A solution of 9 (1.8 g, 6 mmol) in dry THF (60 mL) was cooled to −78 °C under Ar. nBuLi (8.6 mL, 2.6 M in hexane) was added slowly at the same temperature within 10 min. After 30 min, B(OiPr)3 (2.9 g, 15 mmol) was added. The mixture was allowed to warm to room temperature and stirred overnight, then quenched by NH4Cl solution at 0 °C. The mixture was extracted with CH2Cl2 and washed with water, dried over Na2SO4, and concentrated under vacuum. The residue was purified by column chromatography (hexane/ethyl acetate = 1:1) to afford white solid 2 (1.06 g, 68%), mp 203–205 °C. 1H NMR (DMSO-d6 + D2O, 300 MHz): δ 3.69–3.71 (m, 8H), 6.67 (d, J = 8.7 Hz, 2H), 7.60 (d, J = 8.7 Hz, 2H). 13C NMR (DMSO-d6 + D2O, 75 MHz): δ 41.7, 52.3, 111.4, 136.2, 148.6. HRMS-EI (m/z) [M + H]+ calcd for C10H15BNO2Cl2, 262.0567; found, 262.0573.

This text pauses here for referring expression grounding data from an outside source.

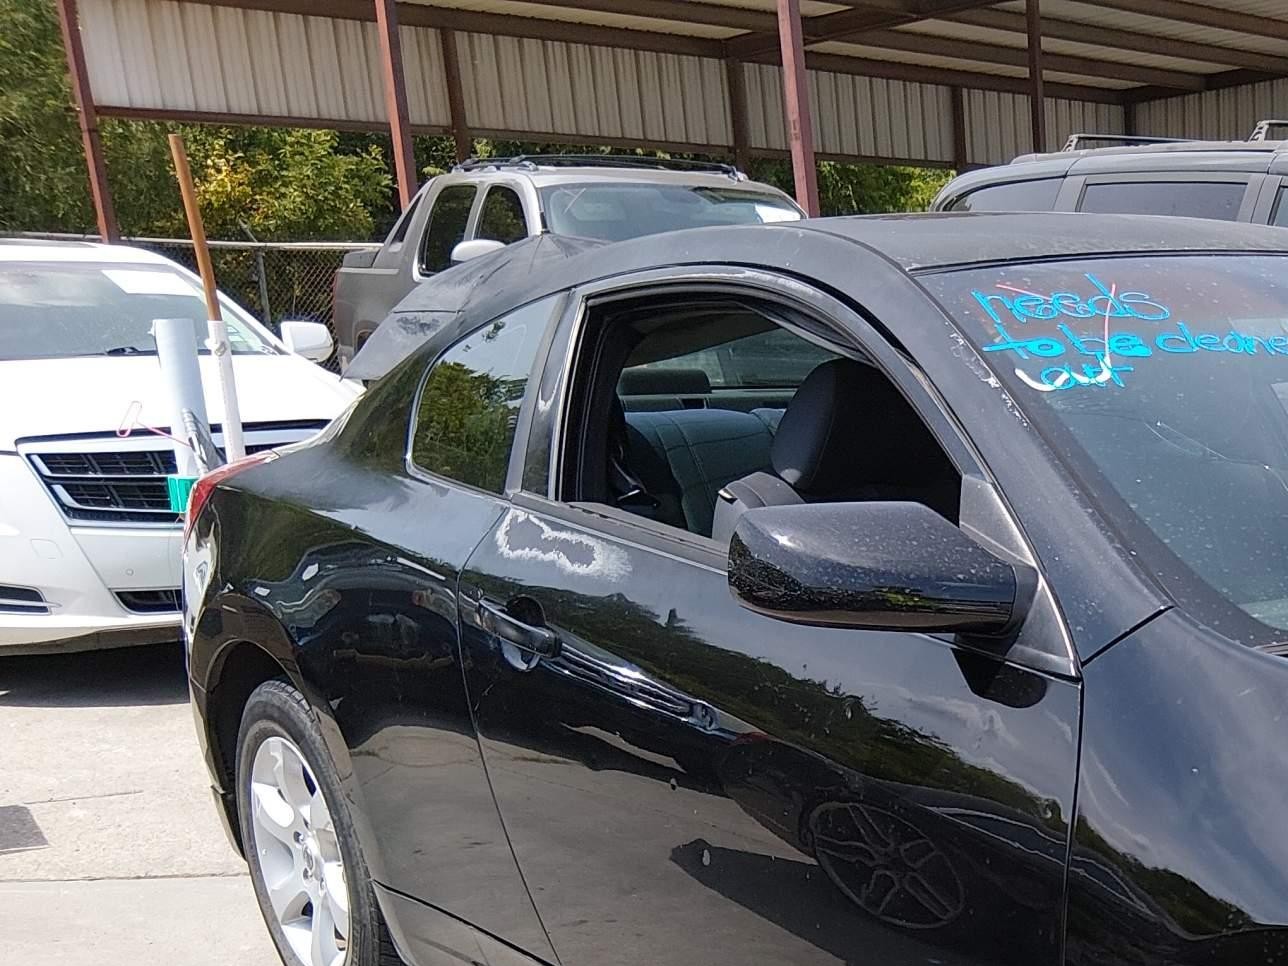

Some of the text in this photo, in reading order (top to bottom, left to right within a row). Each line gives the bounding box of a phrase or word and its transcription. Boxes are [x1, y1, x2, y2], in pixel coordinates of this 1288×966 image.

[971, 273, 1170, 323] needs
[983, 322, 1066, 359] to
[1057, 323, 1153, 357] be
[1040, 352, 1135, 390] out
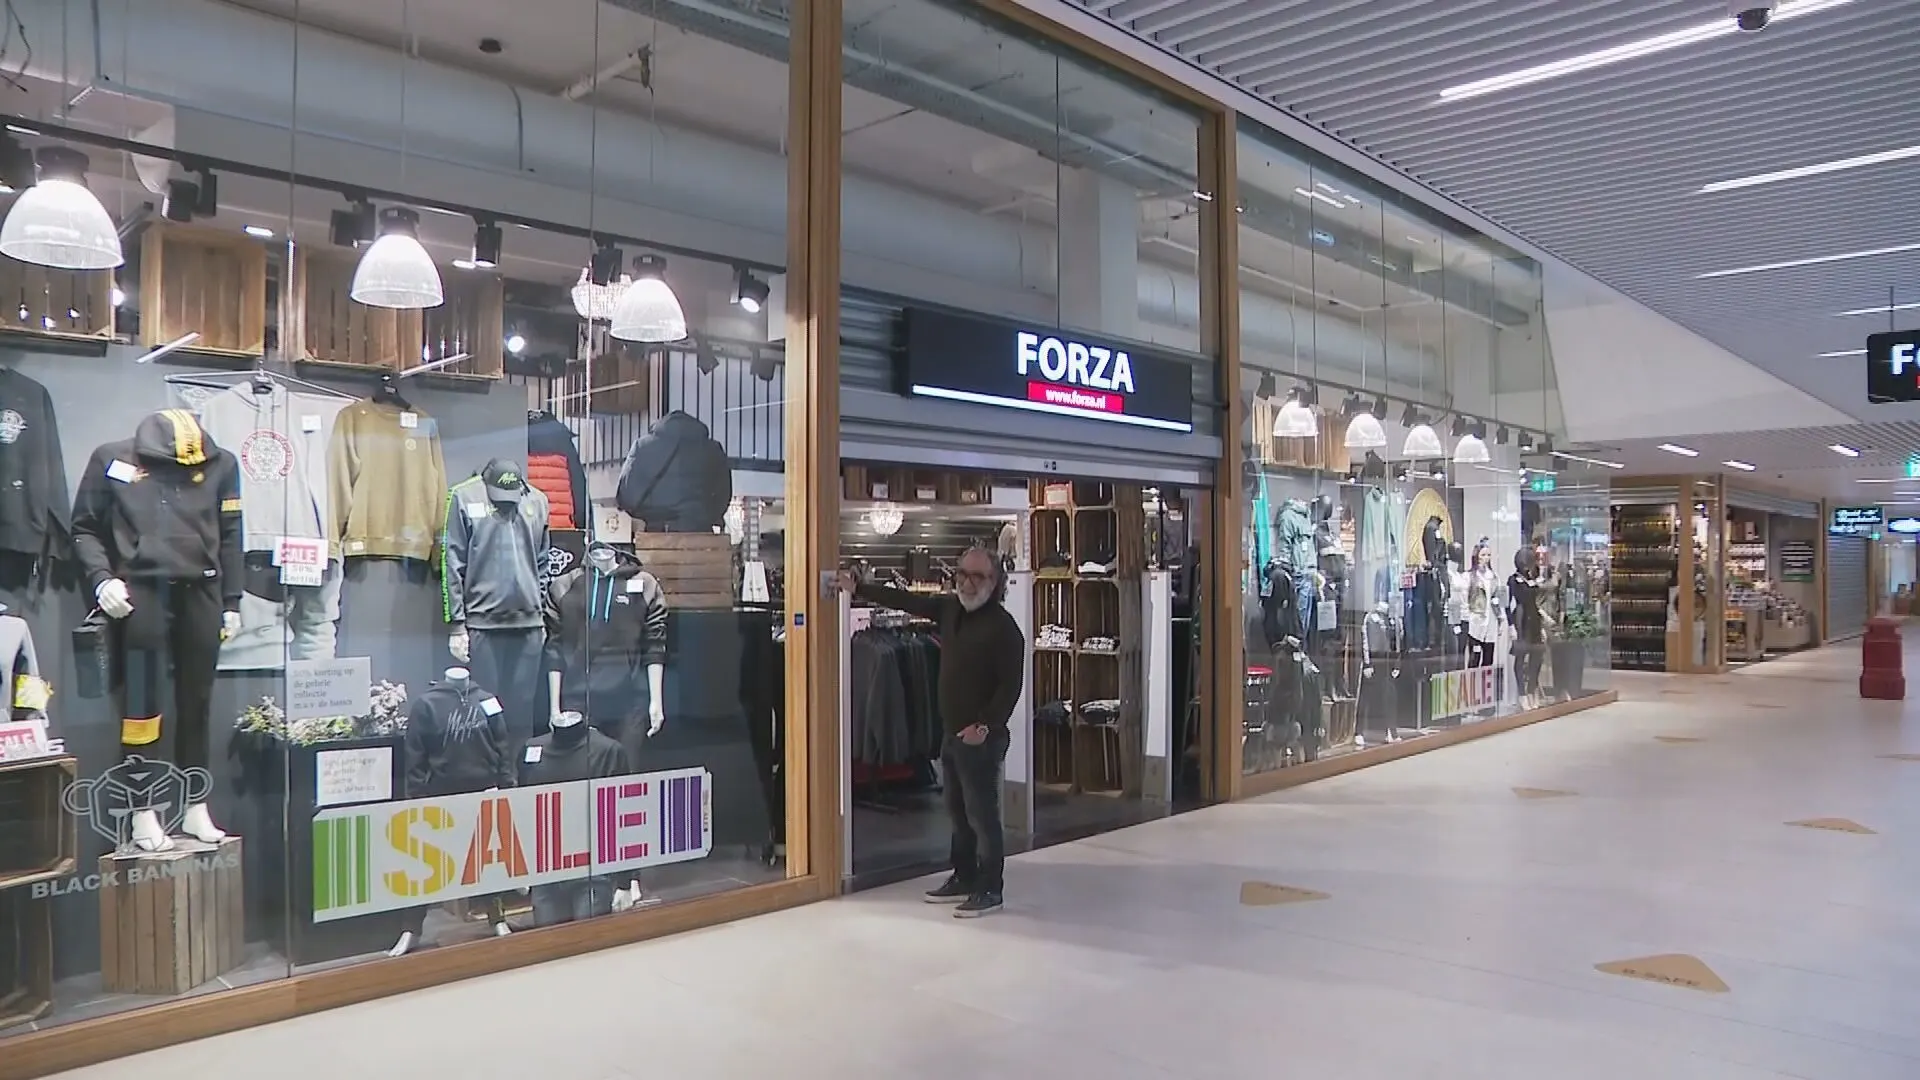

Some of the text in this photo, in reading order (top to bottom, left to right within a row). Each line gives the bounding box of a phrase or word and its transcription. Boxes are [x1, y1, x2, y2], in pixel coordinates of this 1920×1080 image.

[1018, 332, 1135, 393] FORZA
[1891, 344, 1920, 374] F
[1046, 390, 1105, 409] www.forza.nl
[281, 547, 317, 562] SALE
[1443, 669, 1493, 712] SALE
[383, 782, 649, 897] SALE
[31, 870, 119, 899] BLACK

4-(4,4,5,5-Tetramethyl-1,3,2-dioxaborolan-2-yl)benzylbis(2-chloroethyl)carbamate (3)

To a suspension of bis(2-chloroethyl)amine hydrochloride (1.24 g, 7.0 mmol) in DMF (50 mL), DMAP (1.02 g, 8.4 mmol) was added. The mixture was stirred at room temperature for 30 min, and then 11 (415 mg, 1.4 mmol) was added. The resulting mixture was further stirred at 60 °C overnight and extracted with CH2Cl2. The organic layer was washed with water, dried over Na2SO4, and concentrated in vacuo. The residue was purified by column chromatography (hexane/ethyl acetate = 5:1) to afford colorless oil 3 (170 mg, 30%). 1H NMR (CDCl3, 500 MHz): δ 1.29 (s, 12H), 3.62 (t, J = 6.0 Hz, 4H), 3.72–3.74 (m, 4H), 5.13 (s, 2H), 7.37 (d, J = 7.5 Hz, 2H), 7.68 (d, J = 7.5 Hz, 2H). 13C NMR (CDCl3, 125 MHz): δ 25.1, 42.0, 42.5, 49.1, 49.5, 66.9, 84.1, 127.4, 135.0, 140.4, 155.6. HRMS-ES (m/z) [M + Na]+ calcd for C18H26BNO4NaCl2, 424.1224; found, 424.1240.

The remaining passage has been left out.